GJIA: One thing that doesn’t get discussed as often is Russian relations with China, specifically the Belt Road initiative and China’s efforts in creating infrastructure. Where do you think the Putin administration stands on the Belt Road initiative?

VKM: When it comes to relations between the Kremlin regime and China, in my view what the Kremlin is trying to do fundamentally contradicts the basic national interests of Russia. As a European and majority Christian country, Russia is part of Western civilization. Our natural allies are countries in Europe andin the wider West who belong to the same civilization as we do. What the Putin regime is doing is trying to pretend that those countries are actually our enemies, and that we should instead seek partnership with others, like China. In reality, our most stable and our most secure borders are in the west with the countries of NATO and the European Union. Where we do have potential problems is in the east and southeast. Not only is there a big difference in the population density on the two sides of the border between China and Russia, but also, in many Chinese schools, they have maps showing parts of the Russian Far East and Siberia as future Chinese territory. Turning us away from our natural allies in the West and towards the Communist dictatorship in China directly contradicts the long-term national interests of Russia. As has already been seen, in this kind of relationship, we can only be a junior and subservient partner; for example, the Power of Siberia pipeline project has clearly become detrimental to Russian economic interests. In the long term, attempts to pivot Russian foreign policy east put us in a junior and subservient position to a powerful communist dictatorship.
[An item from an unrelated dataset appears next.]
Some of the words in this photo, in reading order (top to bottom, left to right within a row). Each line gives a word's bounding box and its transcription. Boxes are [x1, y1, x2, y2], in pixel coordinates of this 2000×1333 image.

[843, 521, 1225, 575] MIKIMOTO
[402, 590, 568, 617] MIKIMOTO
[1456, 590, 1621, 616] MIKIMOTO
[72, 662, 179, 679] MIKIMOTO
GJIA: Given the threatening environment you work in and your personal experiences with threats to your life, what motivates you to continue your work despite the danger?
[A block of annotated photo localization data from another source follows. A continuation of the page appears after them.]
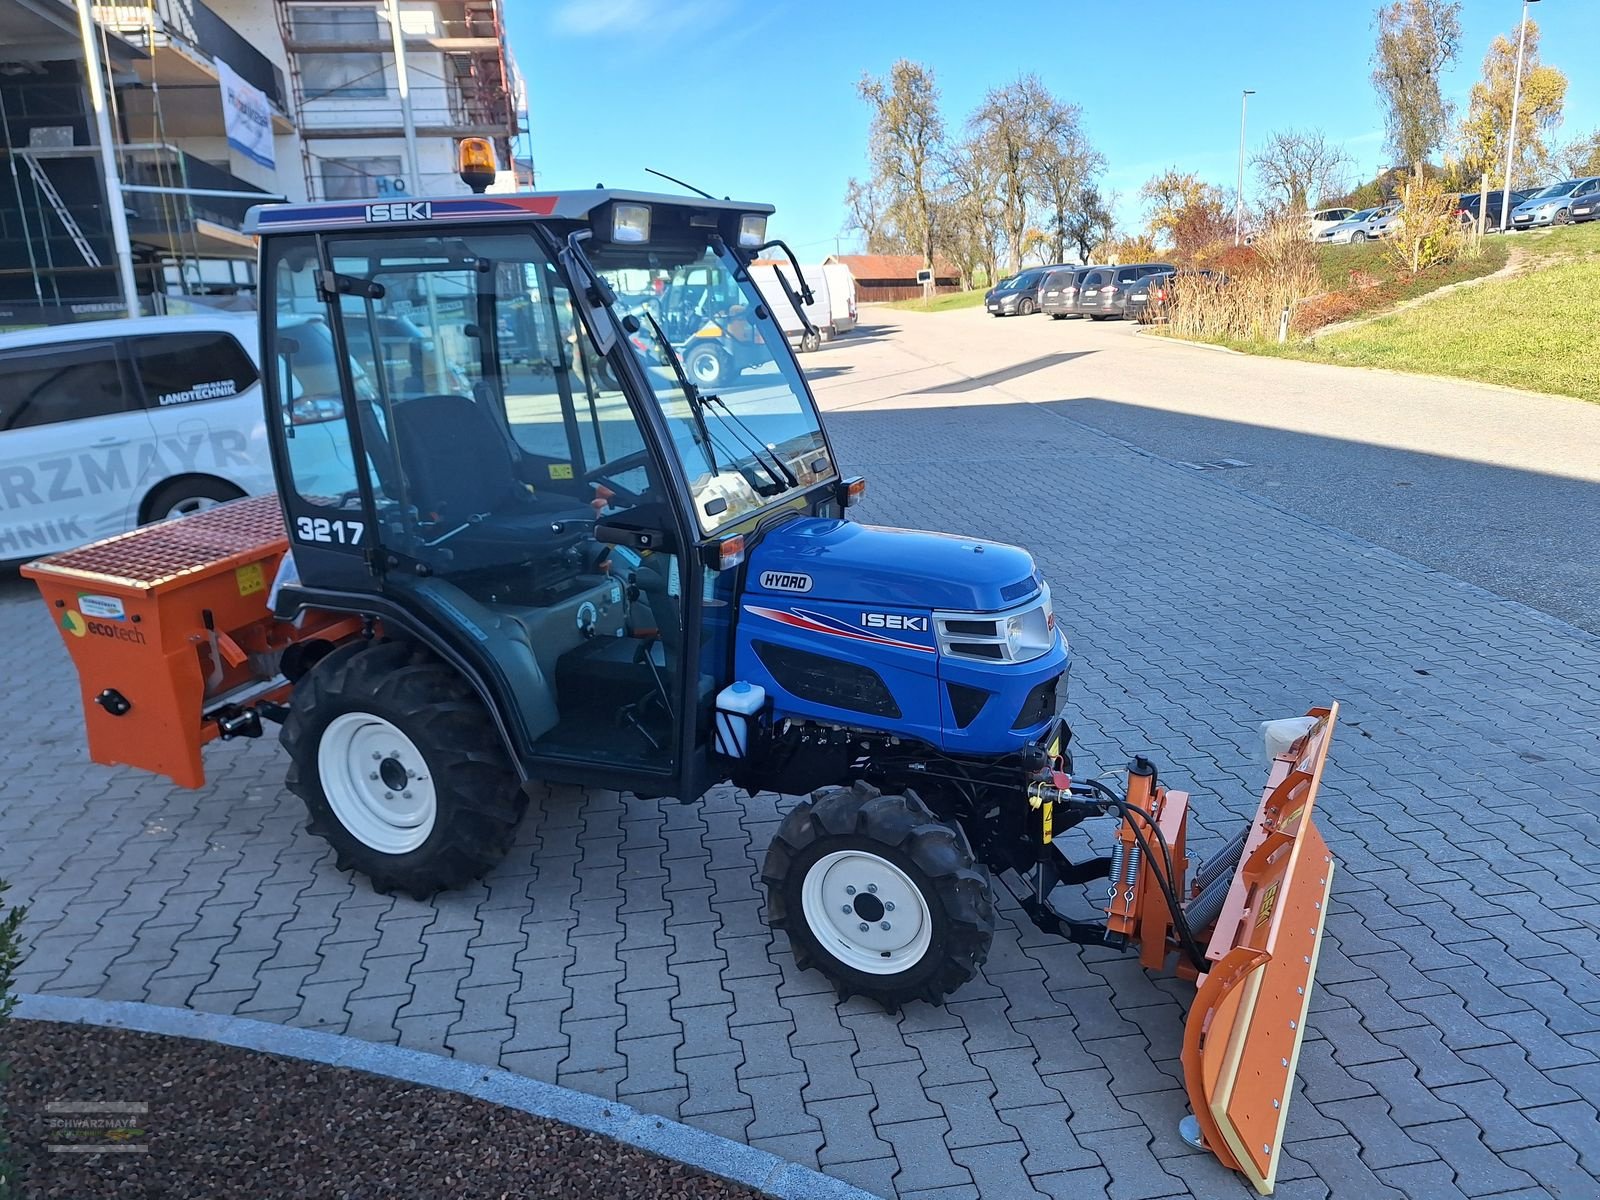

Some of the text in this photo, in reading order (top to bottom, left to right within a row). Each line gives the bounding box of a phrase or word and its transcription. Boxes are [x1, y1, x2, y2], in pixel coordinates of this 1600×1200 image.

[365, 202, 432, 222] ISEKI
[159, 385, 237, 405] LANDTECHNIK
[0, 429, 248, 511] RZMAYR
[297, 516, 364, 545] 3217
[765, 573, 807, 589] HYDRO
[861, 612, 928, 631] ISEKI
[87, 621, 146, 645] ecotech
[1256, 880, 1280, 928] ISEKI
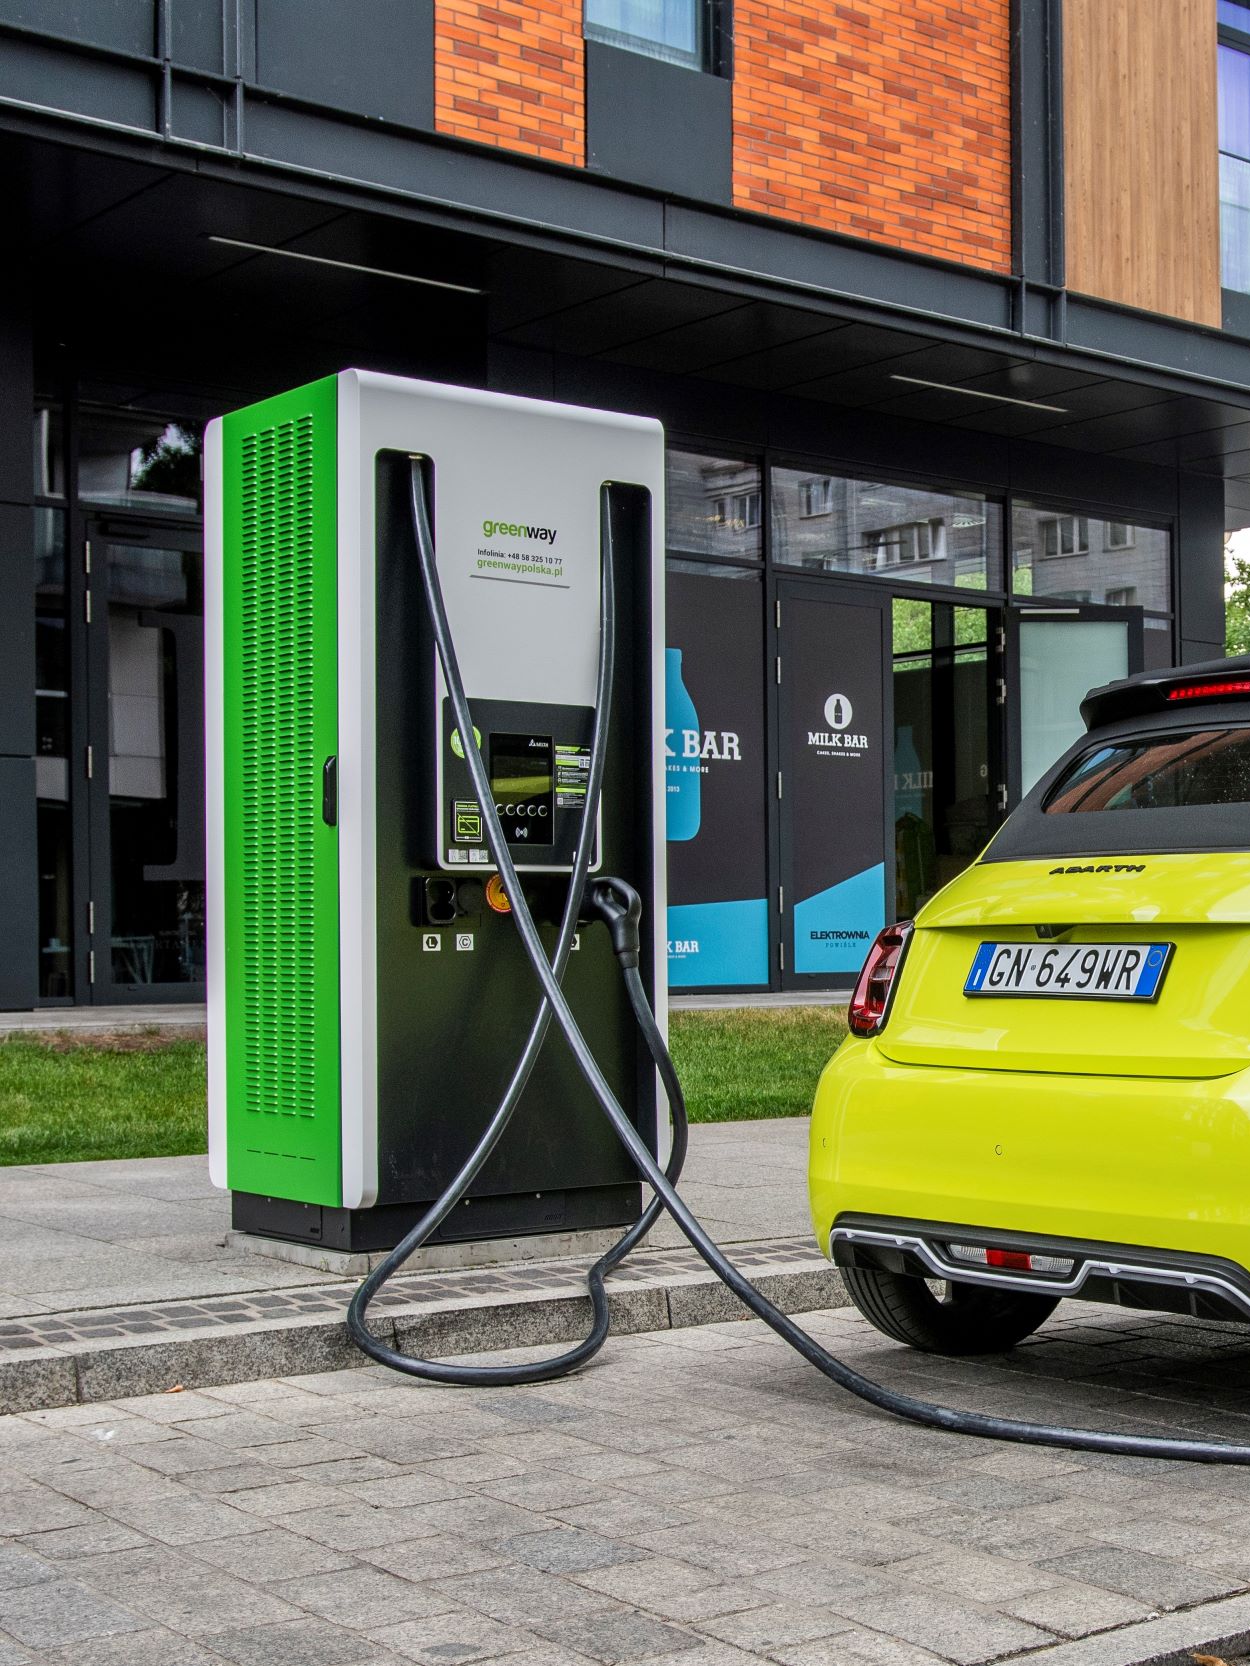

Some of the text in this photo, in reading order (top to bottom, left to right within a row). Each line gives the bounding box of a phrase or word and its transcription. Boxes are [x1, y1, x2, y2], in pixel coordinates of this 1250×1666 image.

VKM: I don’t think that we have much choice. Russia is my country; I care about my country, and I cannot just stand idly by and watch the prospects of my country be destroyed by an authoritarian, kleptocratic regime. If I do nothing, I will be complicit in the destruction of my country. A few years ago, I was making a documentary film about the Soviet dissident movement and the people who resisted the Communist regime in Soviet times. I interviewed one woman, Natalya Gorbanevskaya, who was one of the seven people who, in August 1968, came onto Red Square in Moscow in August 1968 to protest against the Soviet invasion of Czechoslovakia. All of these people who came out to protest were sent to prisons, internal confinement, or to the worst form of punishment, psychiatric hospitals. I asked her what motivated her to do what she did knowing what the price would be, and she said going to that demonstration was a selfish act, because she wanted to have a clear conscience. I’ll never forget those words. If we just stand by and watch what the Putin regime is doing to our country without doing something about it, then whatever happens would be on our conscience as well. I certainly cannot let that happen.

 

Vladimir Vladimirovich Kara-Murza currently serves as vice chairman of Open Russian, an NGO which promotes civil society and democracy in Russia. In 2012, he was elected to the Coordinating Council of the Russian Opposition, and served as deputy leader of the liberal democratic People’s Freedom Party from 2015 to 2016. Mr. Kara-Murza is also the author of two documentaries, They Chose Freedom and Nemtsov, both of which document political dissent in Russia. He holds a B.A. and M.A. in history from Cambridge University.